5. A device for predicting output power of multiple renewable energy stations, characterized in that: include: A historical environmental parameter and historical electrical parameter acquisition module is used to obtain historical environmental parameters and historical electrical parameters of new energy stations; A preprocessing module, used for preprocessing the historical environmental parameters and the historical electrical parameters to obtain effective data for modeling; A multi-step advance power generation prediction model construction module is used to construct a multi-step advance power generation prediction model based on the modeling effective data in combination with a Bayesian neural network and a bidirectional long short-term memory neural network; A refined physical model building module, used to build a refined physical model of the new energy station; A fusion module, used for fusing the multi-step advance power generation prediction model and the refined physical model to generate a fusion model; A current environmental parameter and current electrical parameter acquisition module, used for real-time acquisition of the current environmental parameters and current electrical parameters of the new energy station; The power prediction module is used to input the current environmental parameters and the current electrical parameters into the fusion model and output a power prediction result.
6. The device according to claim 5, characterized in that The preprocessing module comprises: A data cleaning submodule, used for performing data cleaning on the historical environmental parameters and the historical electrical parameters to obtain cleaned data; A missing value filling and outlier detection submodule is used to perform missing value filling and outlier detection on the cleaned data to obtain target data; The normalization submodule is used to normalize the target data to obtain effective data for modeling.

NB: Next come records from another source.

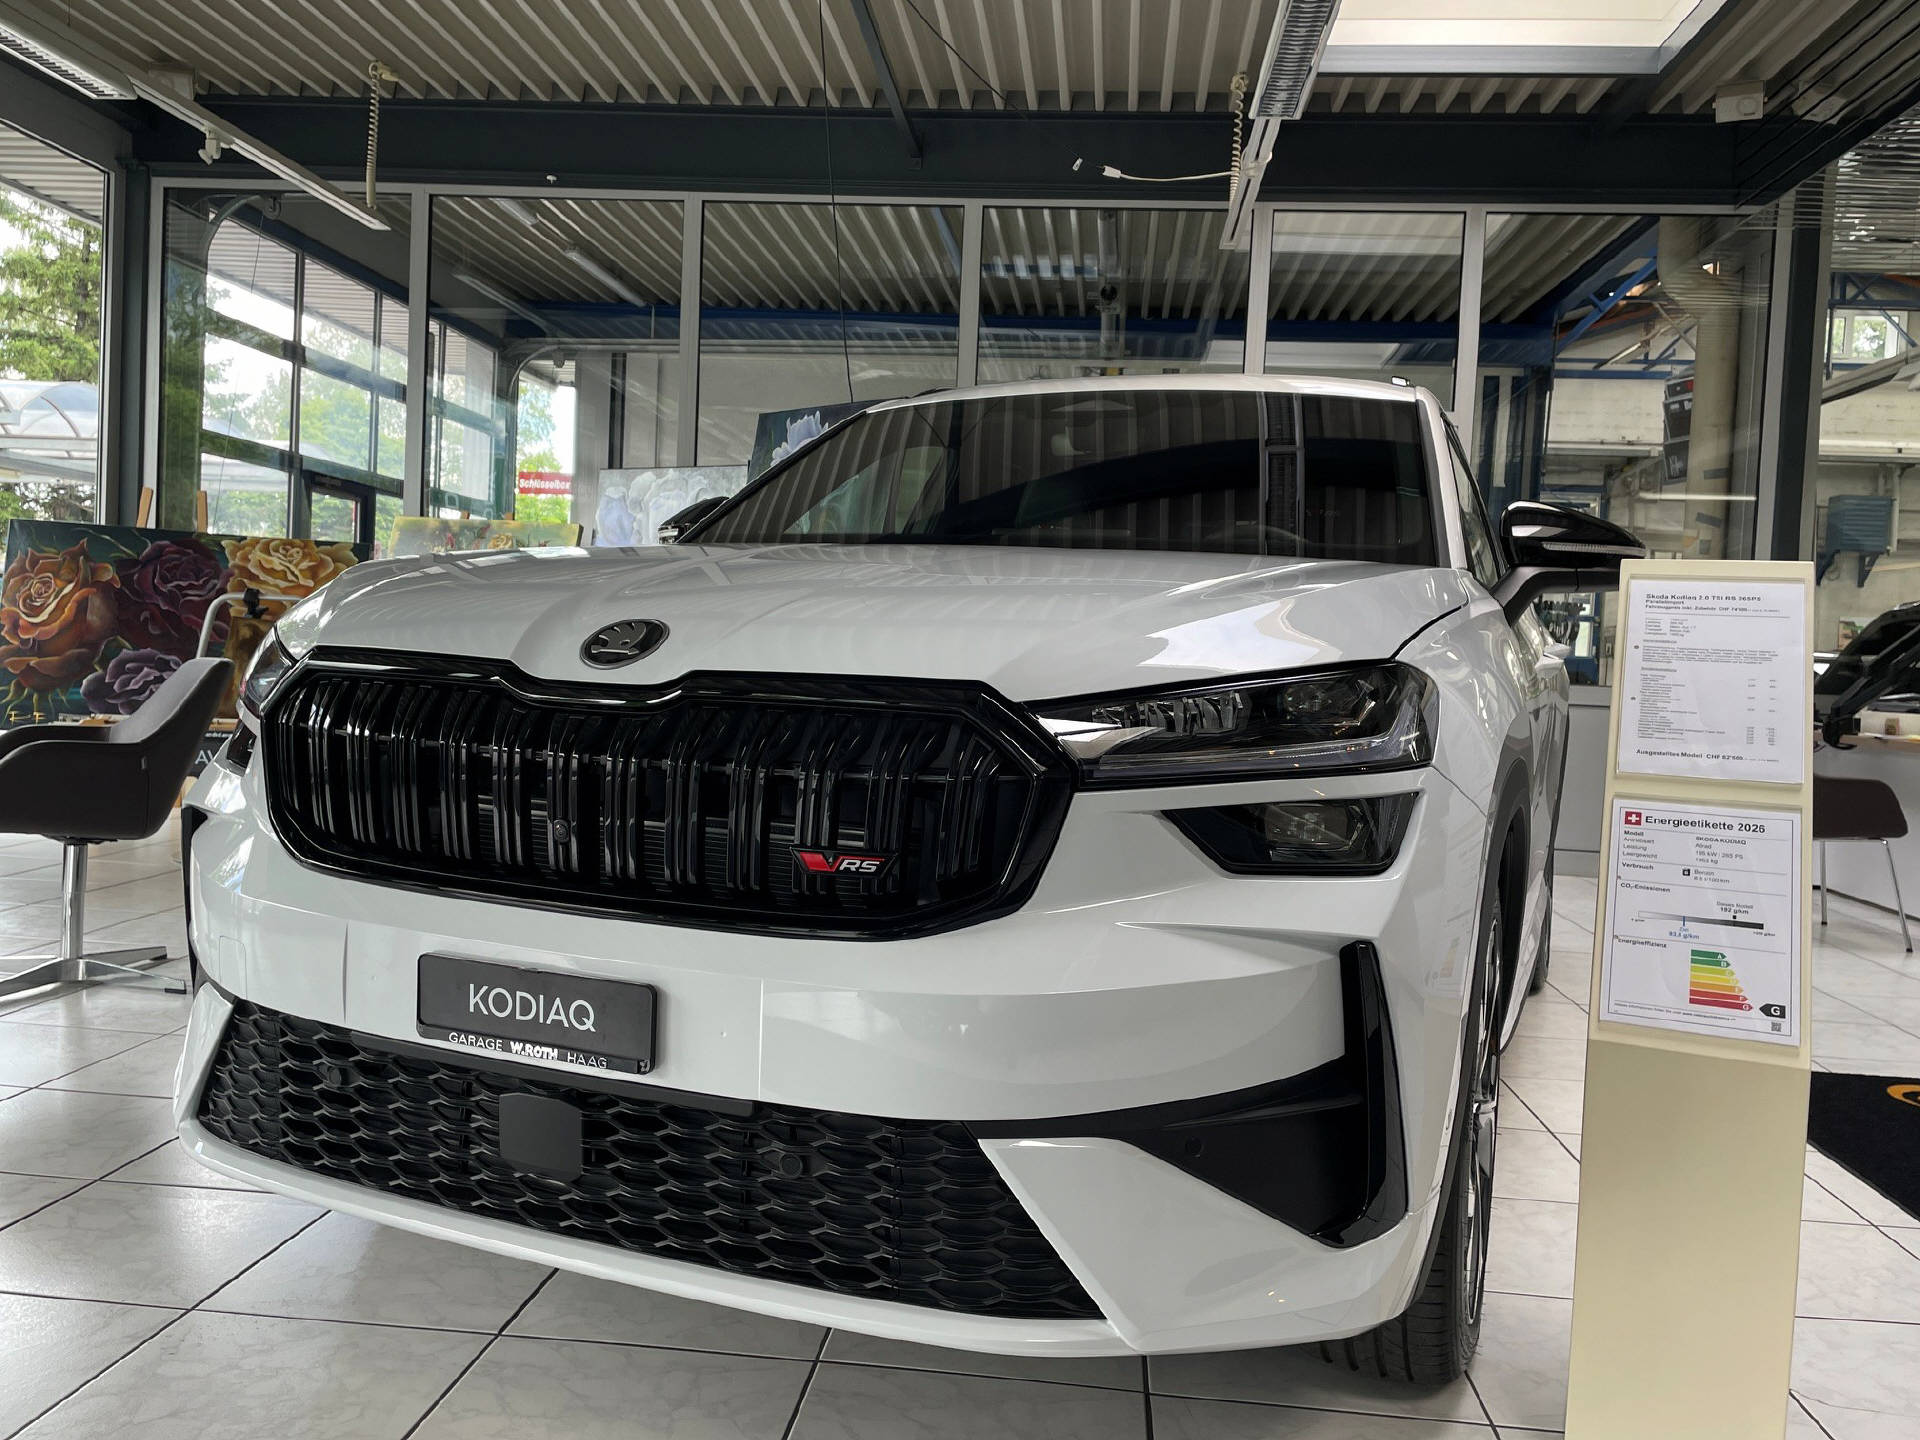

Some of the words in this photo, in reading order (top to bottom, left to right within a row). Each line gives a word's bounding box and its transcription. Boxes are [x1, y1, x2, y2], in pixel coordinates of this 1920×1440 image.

[1645, 815, 1734, 831] Energieetikette
[1737, 822, 1767, 834] 2026
[468, 983, 597, 1033] KODIAQ
[1770, 1005, 1781, 1017] G
[448, 1031, 504, 1052] GARAGE
[510, 1040, 559, 1061] W.ROTH
[567, 1051, 609, 1070] HAAG
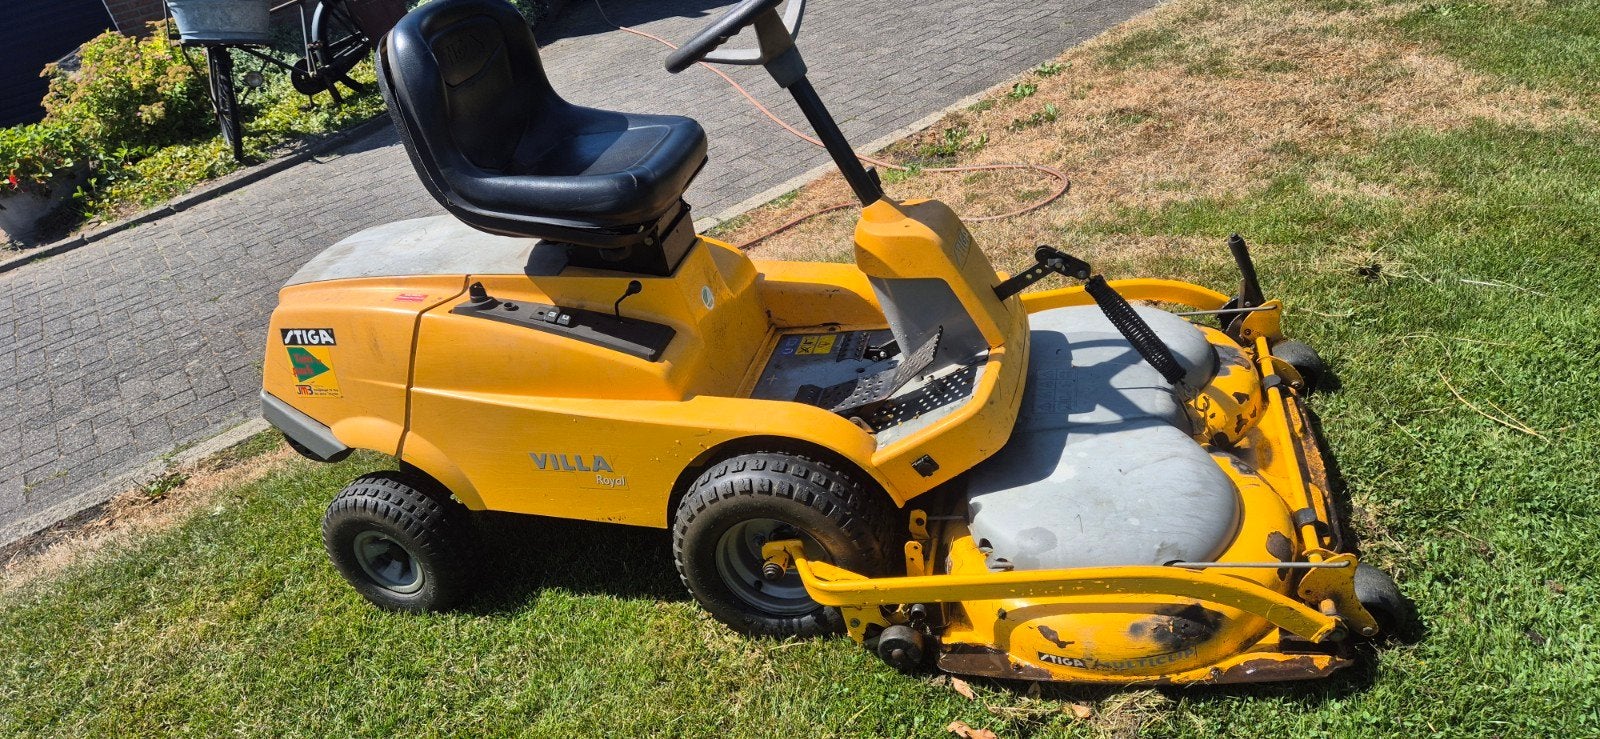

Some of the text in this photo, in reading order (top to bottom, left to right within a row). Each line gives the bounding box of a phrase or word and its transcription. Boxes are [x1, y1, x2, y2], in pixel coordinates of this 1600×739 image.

[284, 329, 334, 345] STIGA
[529, 452, 614, 473] VILLA
[596, 474, 626, 487] Royal
[1040, 653, 1085, 667] STIGA
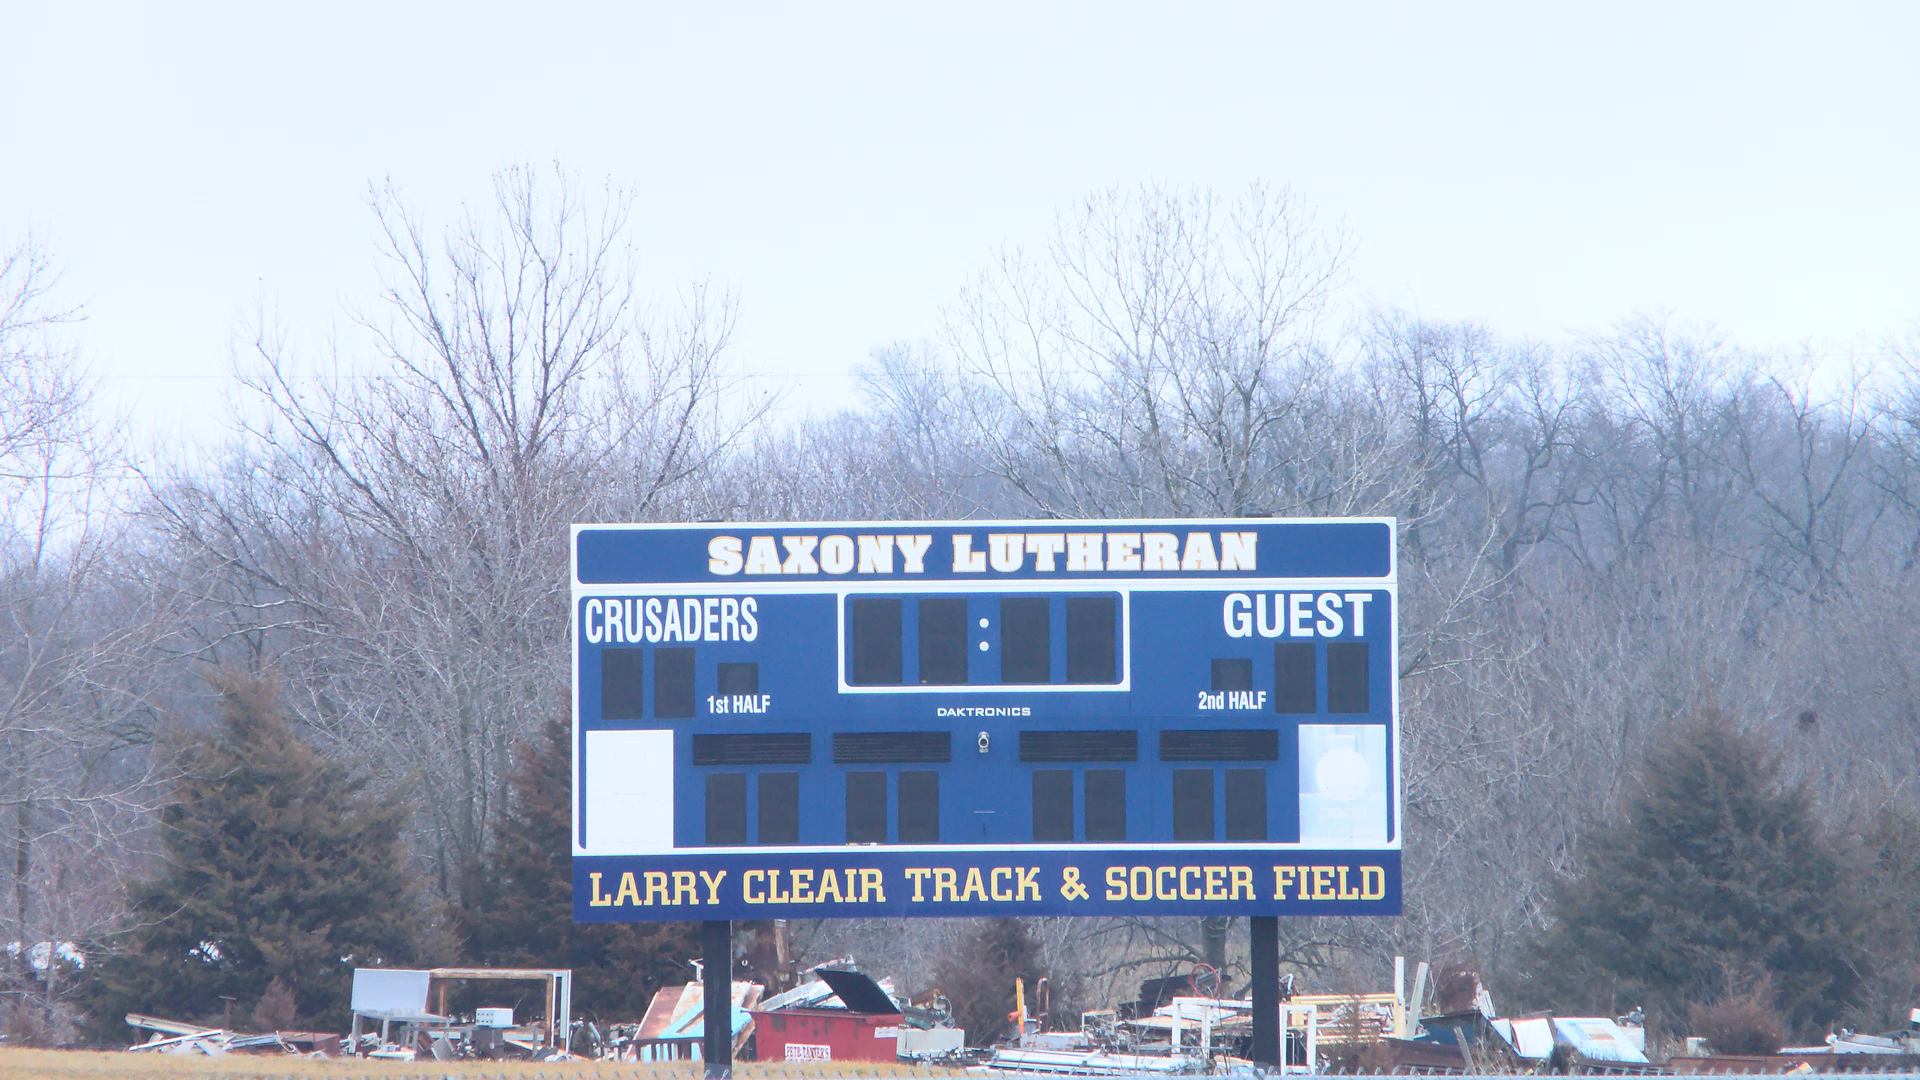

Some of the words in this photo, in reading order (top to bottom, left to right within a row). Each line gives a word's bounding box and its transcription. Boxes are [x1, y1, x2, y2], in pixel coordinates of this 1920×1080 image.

[707, 534, 933, 576] SAXONY
[951, 531, 1258, 573] LUTHERAN
[585, 596, 759, 644] CRUSADERS
[1223, 592, 1373, 638] GUEST
[706, 695, 730, 714] 1st
[732, 694, 771, 714] HALF
[937, 707, 1031, 717] DAKTRONICS
[1198, 690, 1226, 711] 2nd
[1228, 690, 1267, 711] HALF
[589, 869, 727, 907] LARRY
[743, 867, 886, 904] CLEAIR
[904, 866, 1042, 902] TRACK
[1059, 866, 1090, 901] &
[1105, 865, 1257, 901] SOCCER
[1272, 865, 1386, 900] FIELD

7. The device according to claim 5, characterized in that The multi-step advance power generation prediction model building module includes: The weight parameter calculation submodule is used to calculate the weight parameters of each modeling effective data according to the Bayesian neural network; An initial bidirectional long short-term memory neural network generation submodule, used to generate an initial bidirectional long short-term memory neural network based on the weight parameters; The multi-step advance power generation prediction model construction submodule is used to train the initial bidirectional long short-term memory neural network with the modeling effective data to obtain the multi-step advance power generation prediction model.
8. The device according to claim 5, characterized in that The refined physical model building module includes: A refined physical model building module acquisition submodule is used to obtain the physical characteristics and operation rules of the new energy station; The refined physical model construction submodule is used to construct a refined physical model of the new energy station using the physical characteristics and the operating rules.
9. An electronic device, characterized in that: The device comprises a processor and a memory: The memory is used to store program code and transmit the program code to the processor; The processor is used to execute the multi-new energy station output power prediction method described in any one of claims 1-4 according to the instructions in the program code.
10. A computer-readable storage medium, characterized in that: The computer-readable storage medium is used to store program code, and the program code is used to execute the method for predicting the output power of multiple renewable energy stations as described in any one of claims 1-4.